Start of Block

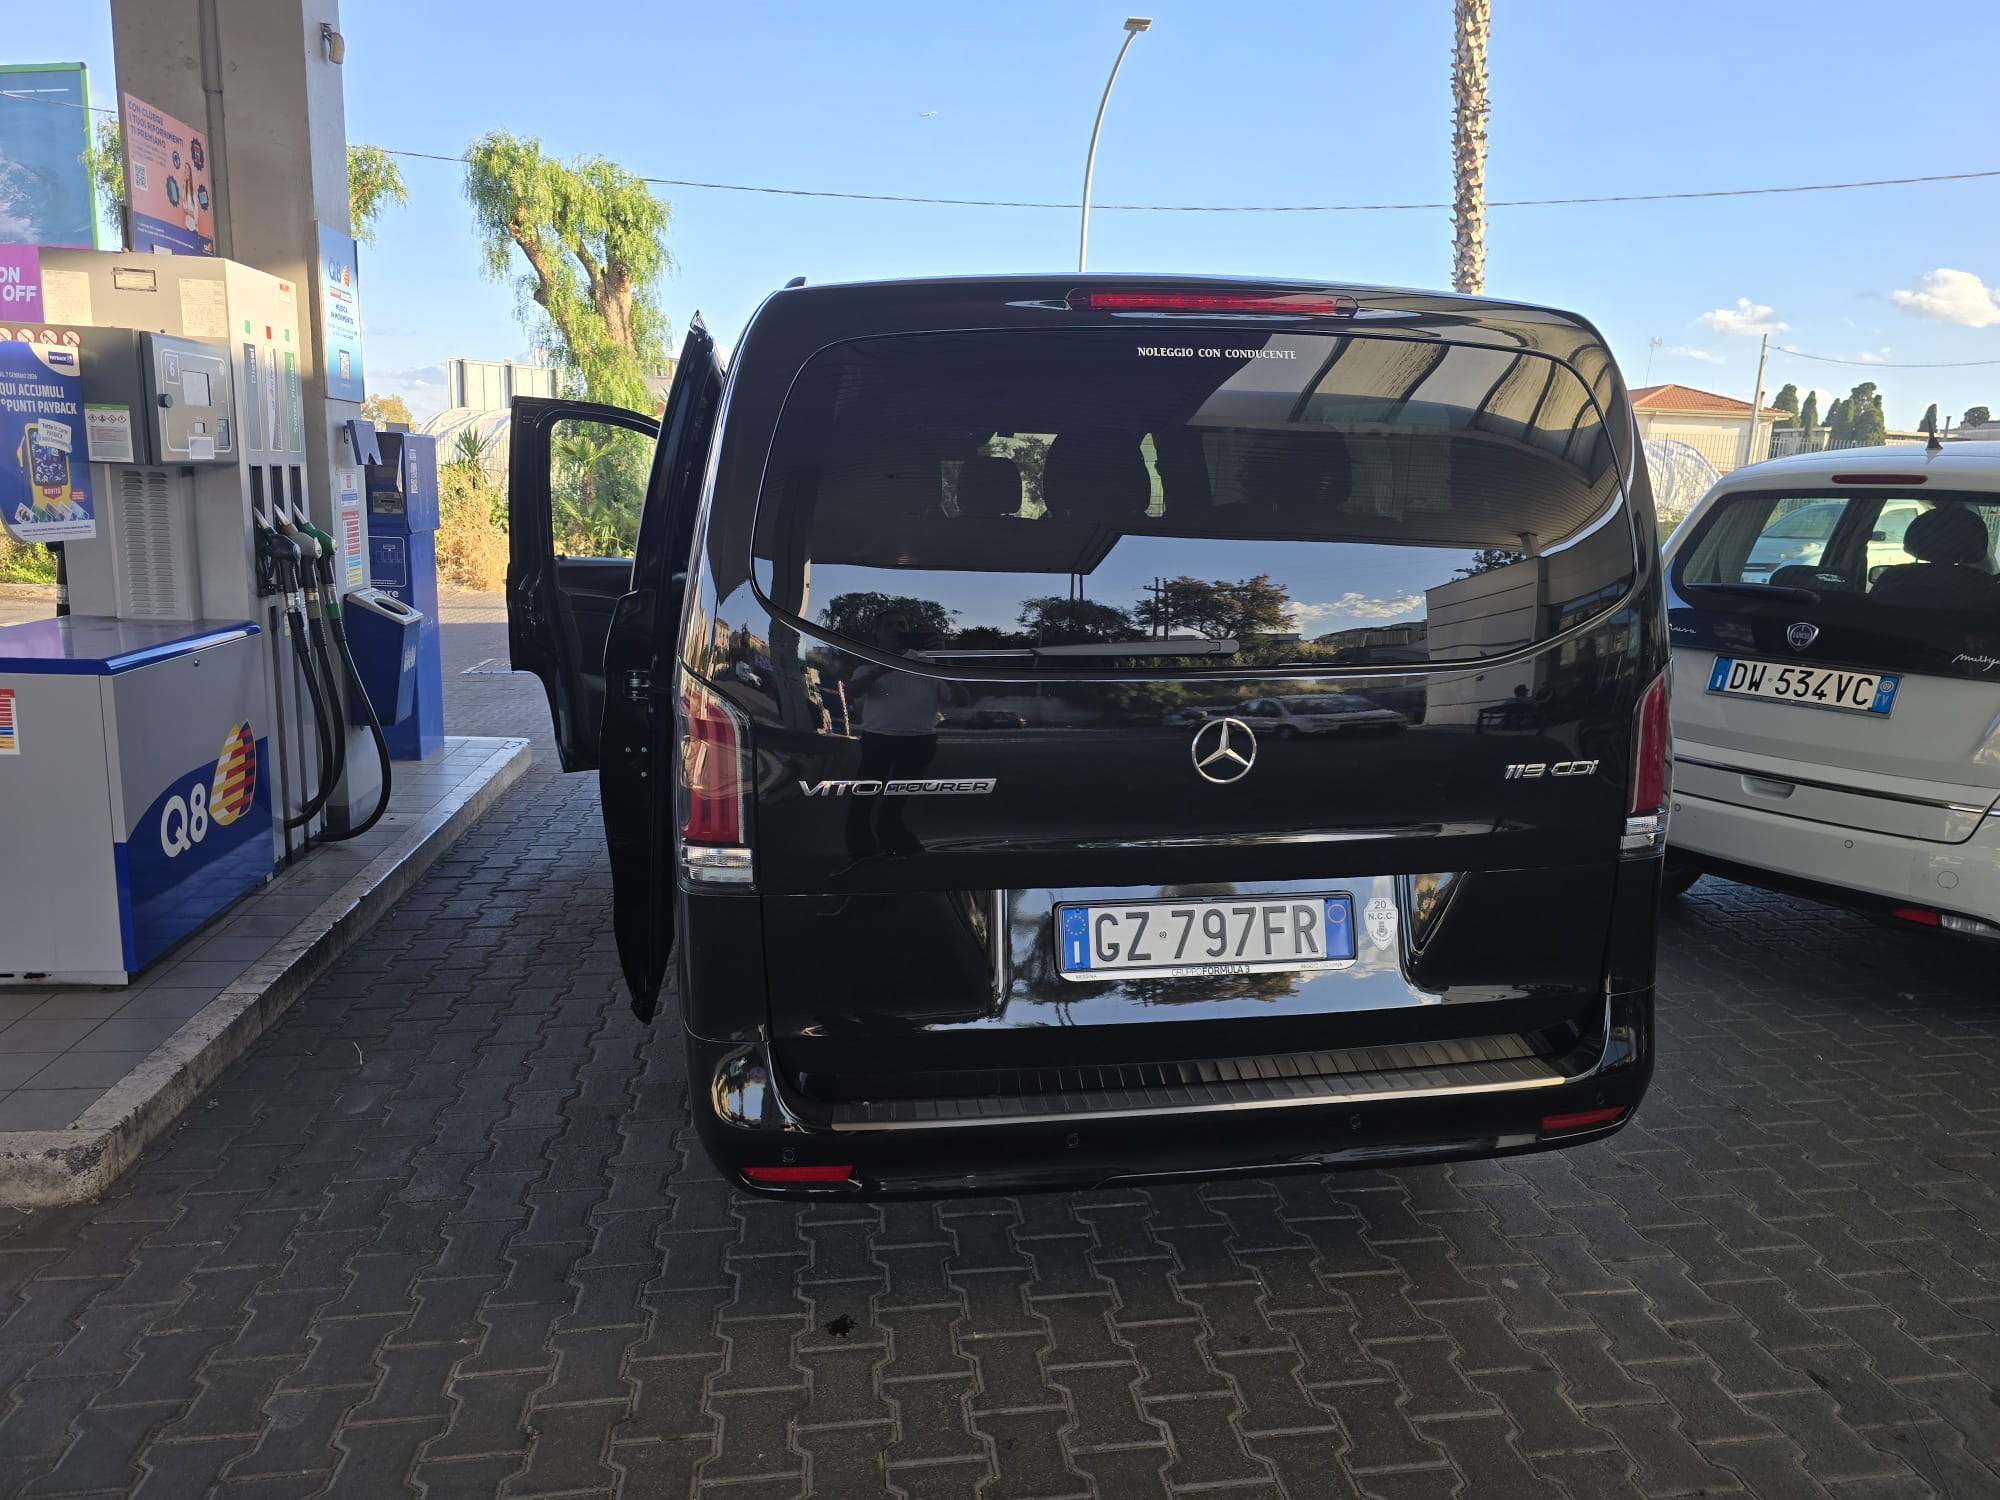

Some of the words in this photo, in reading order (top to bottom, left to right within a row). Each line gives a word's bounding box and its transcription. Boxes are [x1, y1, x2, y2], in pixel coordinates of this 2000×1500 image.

[2, 285, 37, 302] OFF
[1137, 347, 1194, 357] NOLEGGIO
[1198, 348, 1221, 358] CON
[1225, 349, 1297, 360] CONDUCENTE
[169, 361, 175, 377] 6
[249, 347, 257, 384] Diesel
[0, 383, 16, 397] QUI
[19, 384, 65, 398] ACCUMULI
[38, 401, 78, 415] PAYBACK
[1729, 662, 1768, 692] DW
[1774, 668, 1874, 706] 534VC
[1505, 763, 1547, 780] 119
[798, 780, 883, 796] VITO
[888, 781, 990, 795] TOURER
[160, 783, 208, 858] Q8
[1374, 900, 1387, 910] 20
[1368, 912, 1395, 921] N.C.C.
[1095, 911, 1152, 962] GZ
[1170, 904, 1320, 960] 797FR
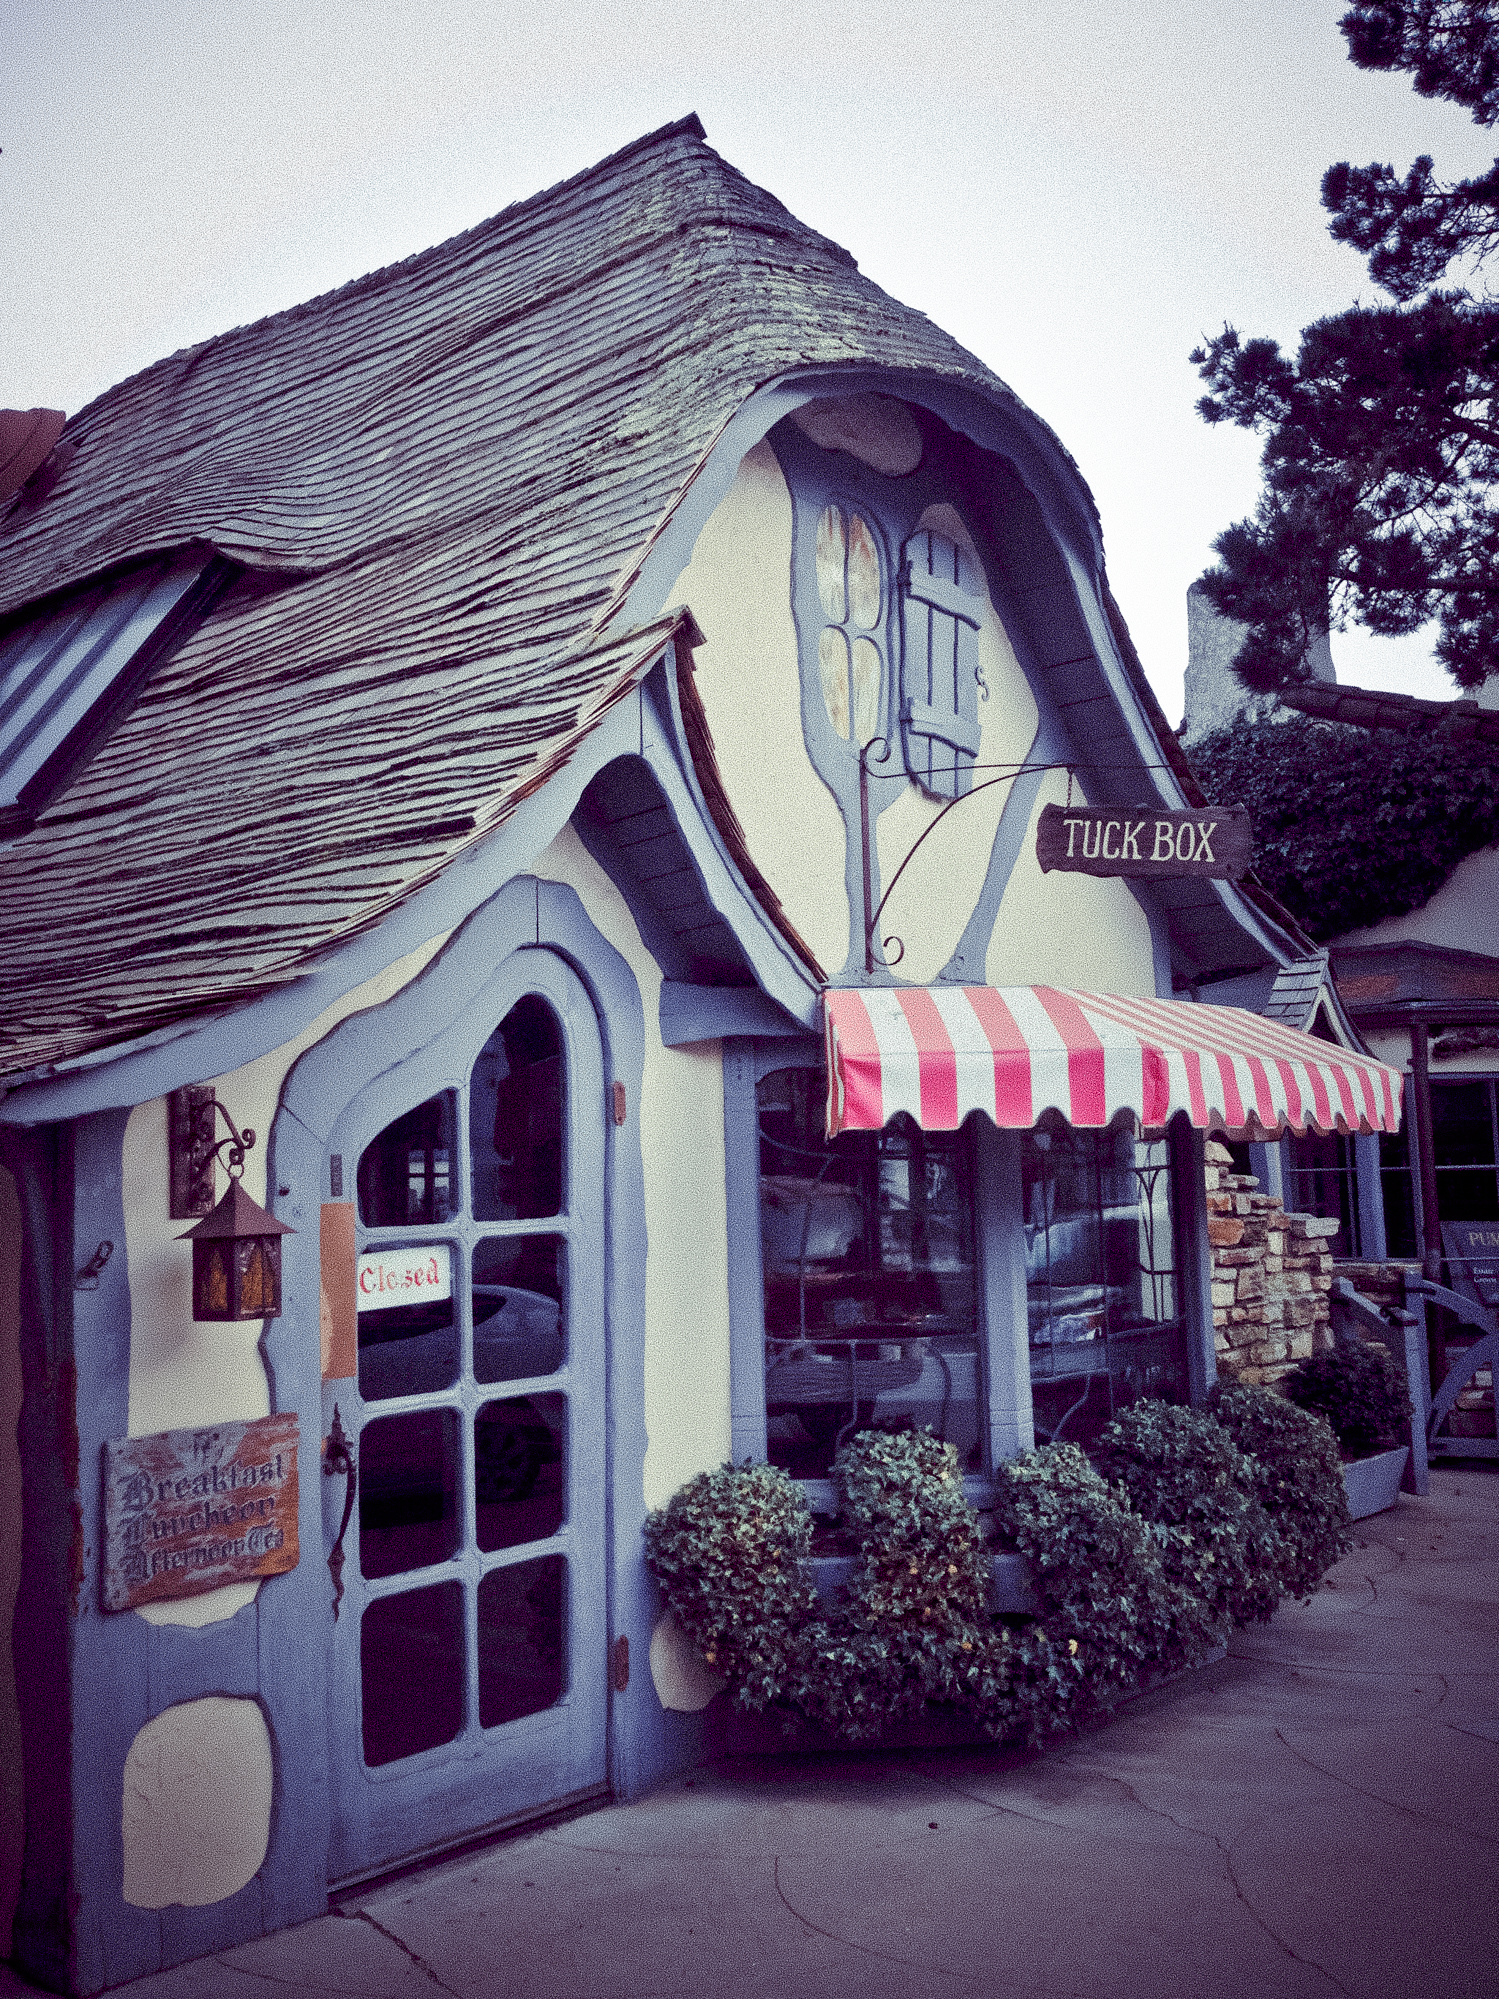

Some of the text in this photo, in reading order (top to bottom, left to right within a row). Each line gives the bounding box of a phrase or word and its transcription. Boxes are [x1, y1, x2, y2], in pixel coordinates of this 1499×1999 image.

End of Block

Task requirements
Print all the lines above exactly as they are, but without the pictures.

Answer section
Some of the words in this photo, in reading order (top to bottom, left to right within a row). Each line gives a word's bounding box and its transcription. Boxes are [x1, y1, x2, y2], in pixel coordinates of this 2000×1500 image.

[2, 285, 37, 302] OFF
[1137, 347, 1194, 357] NOLEGGIO
[1198, 348, 1221, 358] CON
[1225, 349, 1297, 360] CONDUCENTE
[169, 361, 175, 377] 6
[249, 347, 257, 384] Diesel
[0, 383, 16, 397] QUI
[19, 384, 65, 398] ACCUMULI
[38, 401, 78, 415] PAYBACK
[1729, 662, 1768, 692] DW
[1774, 668, 1874, 706] 534VC
[1505, 763, 1547, 780] 119
[798, 780, 883, 796] VITO
[888, 781, 990, 795] TOURER
[160, 783, 208, 858] Q8
[1374, 900, 1387, 910] 20
[1368, 912, 1395, 921] N.C.C.
[1095, 911, 1152, 962] GZ
[1170, 904, 1320, 960] 797FR

Some of the text in this photo, in reading order (top to bottom, left to right within a row). Each line gives the bounding box of a phrase or word and its transcription. Boxes are [x1, y1, x2, y2], in pixel coordinates of this 1499×1999 image.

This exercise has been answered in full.